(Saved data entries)
"""
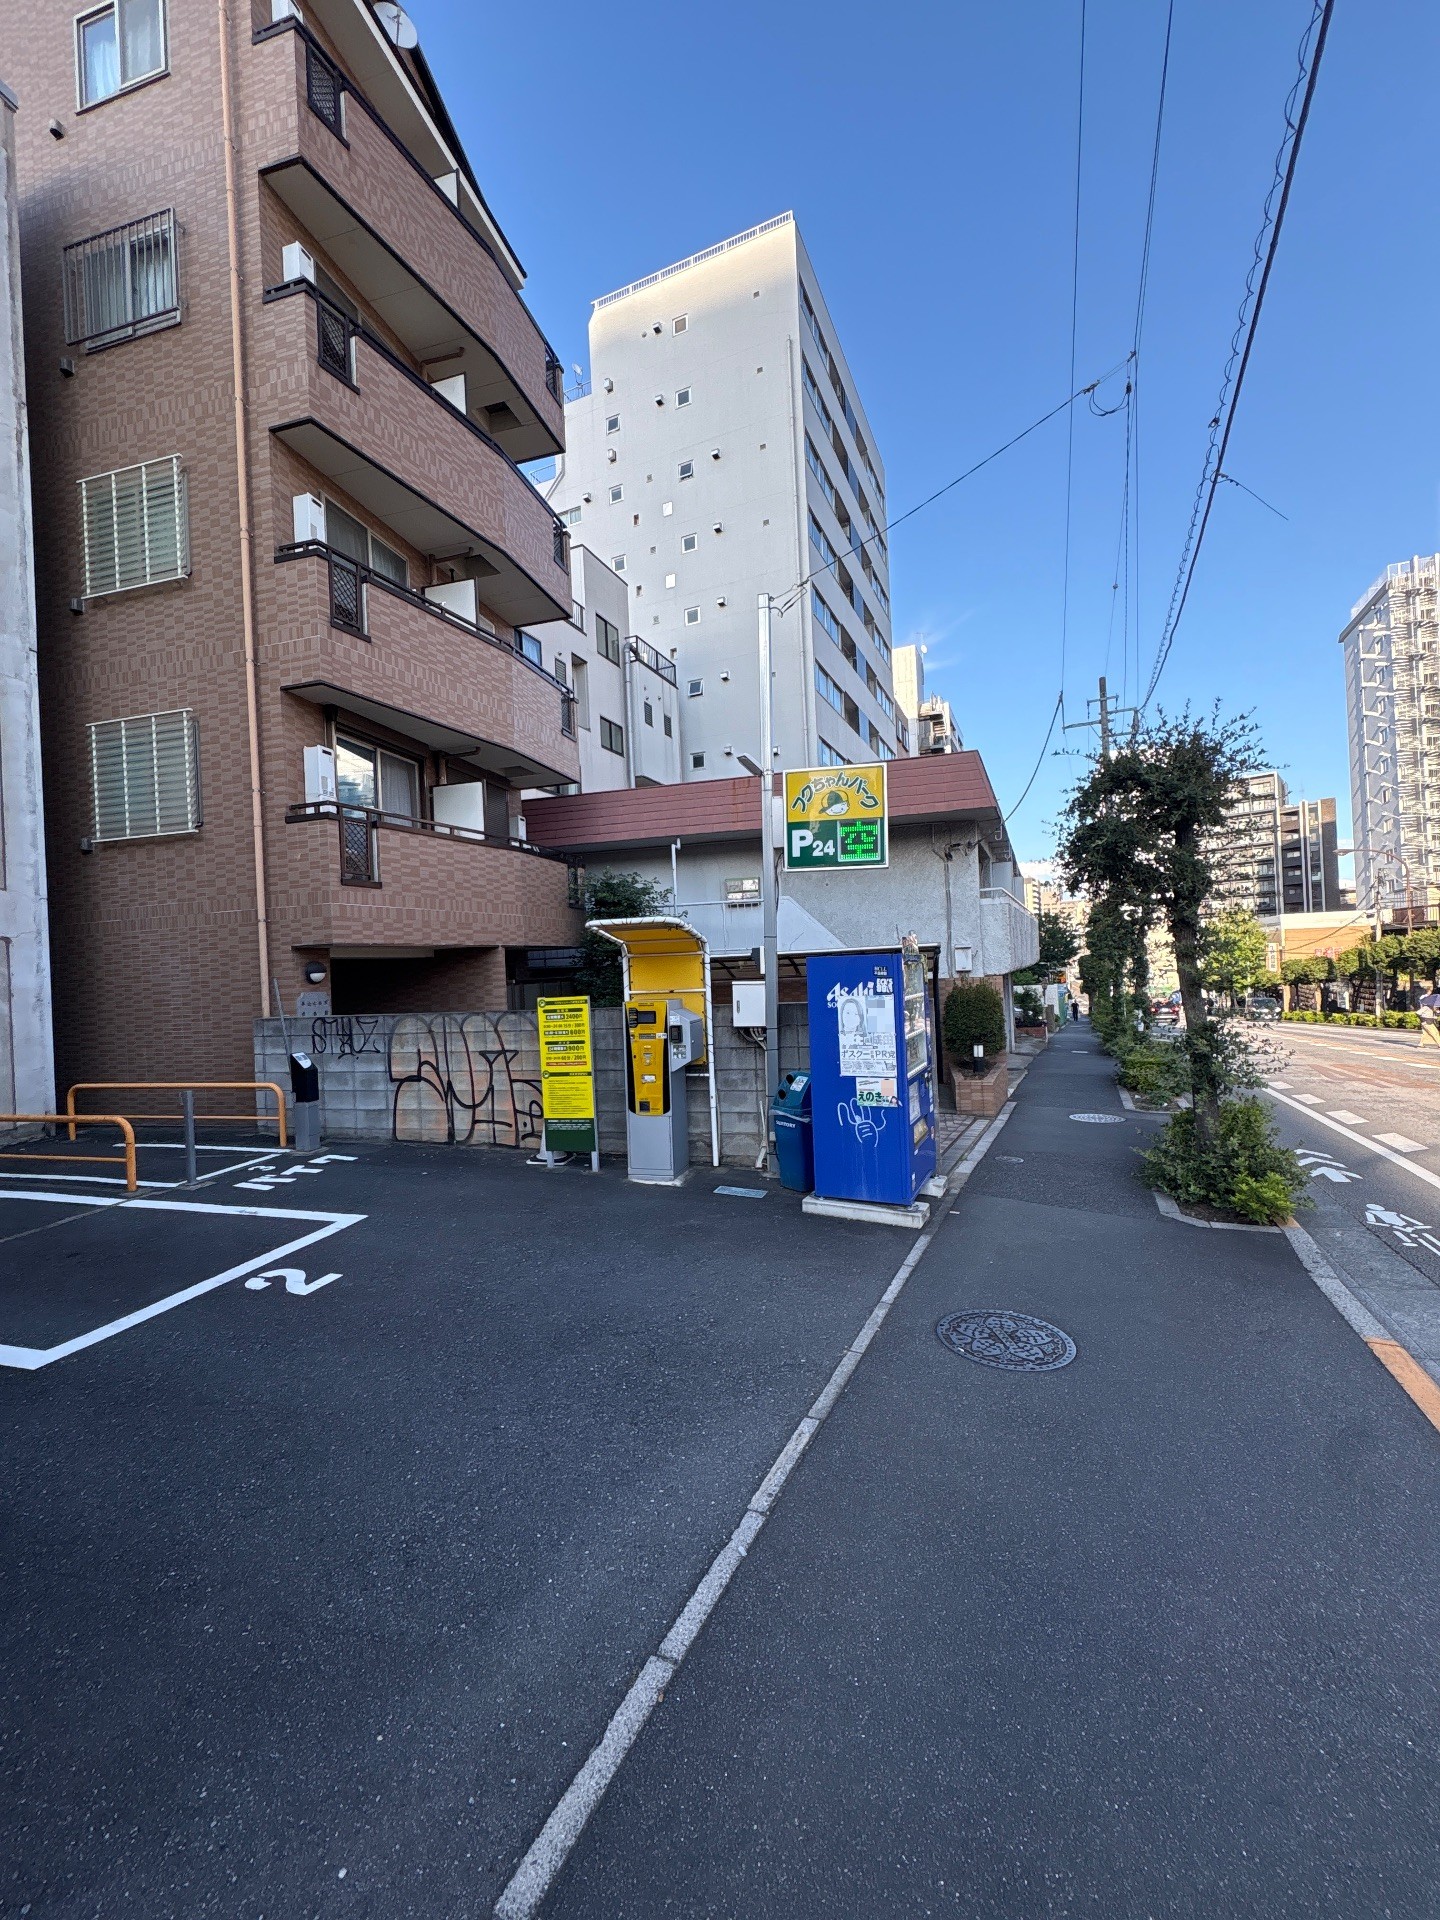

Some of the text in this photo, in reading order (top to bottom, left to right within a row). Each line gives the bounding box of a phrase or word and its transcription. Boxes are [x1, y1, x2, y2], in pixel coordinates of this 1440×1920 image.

[791, 772, 881, 813] フクちゃんパーク
[840, 821, 879, 860] 空
[244, 1268, 344, 1296] 2
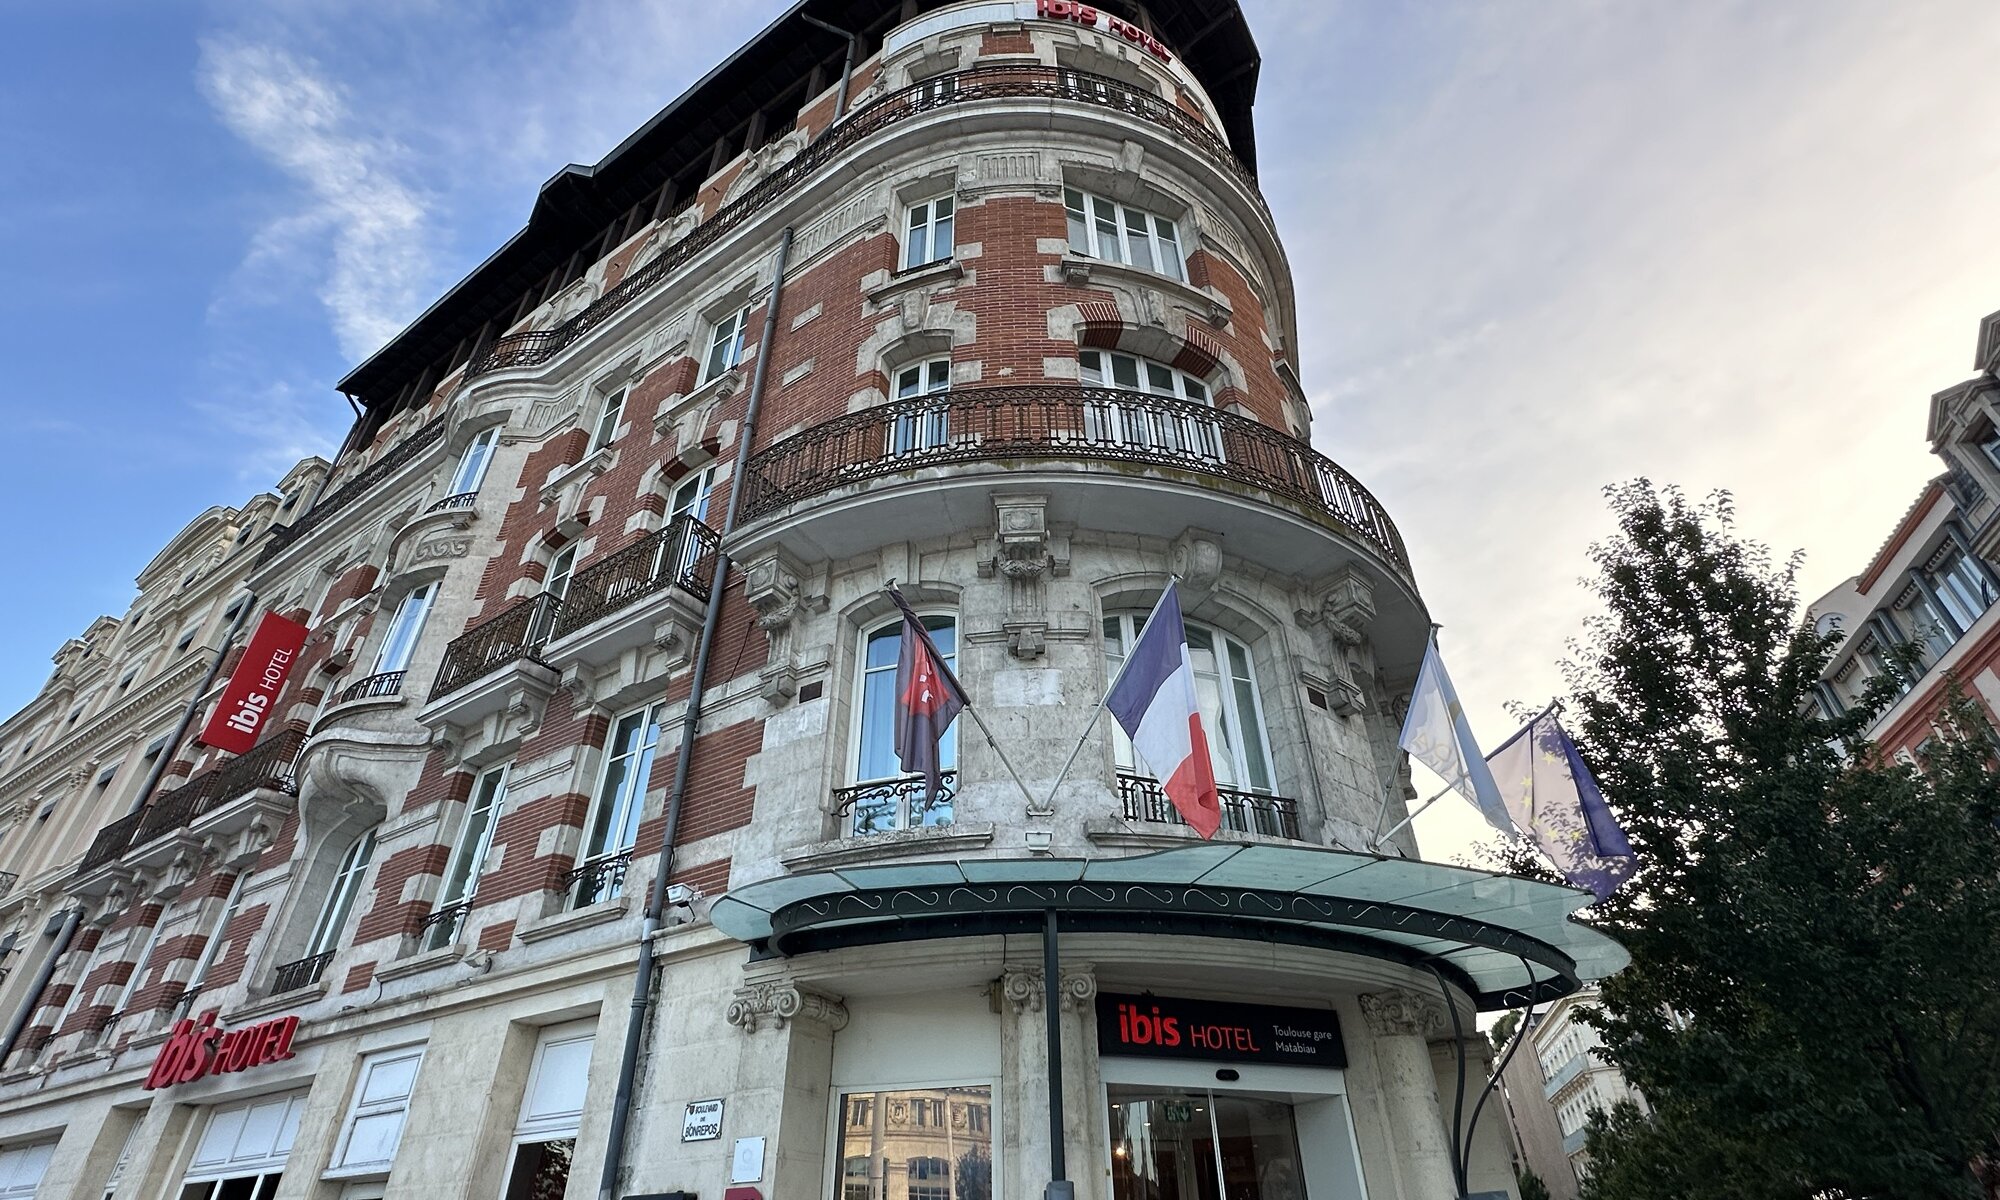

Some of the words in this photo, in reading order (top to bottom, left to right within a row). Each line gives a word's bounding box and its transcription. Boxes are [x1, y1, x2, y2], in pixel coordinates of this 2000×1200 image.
"""
▶ Task statement: Retype each line of the records exactly as it reads; no pictures belong in the copy.

▶ Task result:
Some of the text in this photo, in reading order (top to bottom, left to right within a row). Each line gives the bounding box of a phrase or word and its transcription. Boxes are [x1, y1, x2, y2], in pixel coordinates of this 1440×1920 image.

[791, 772, 881, 813] フクちゃんパーク
[840, 821, 879, 860] 空
[244, 1268, 344, 1296] 2

Some of the words in this photo, in reading order (top to bottom, left to right within a row). Each line gives a word's bounding box and its transcription. Boxes are [x1, y1, x2, y2], in pixel coordinates of this 2000×1200 image.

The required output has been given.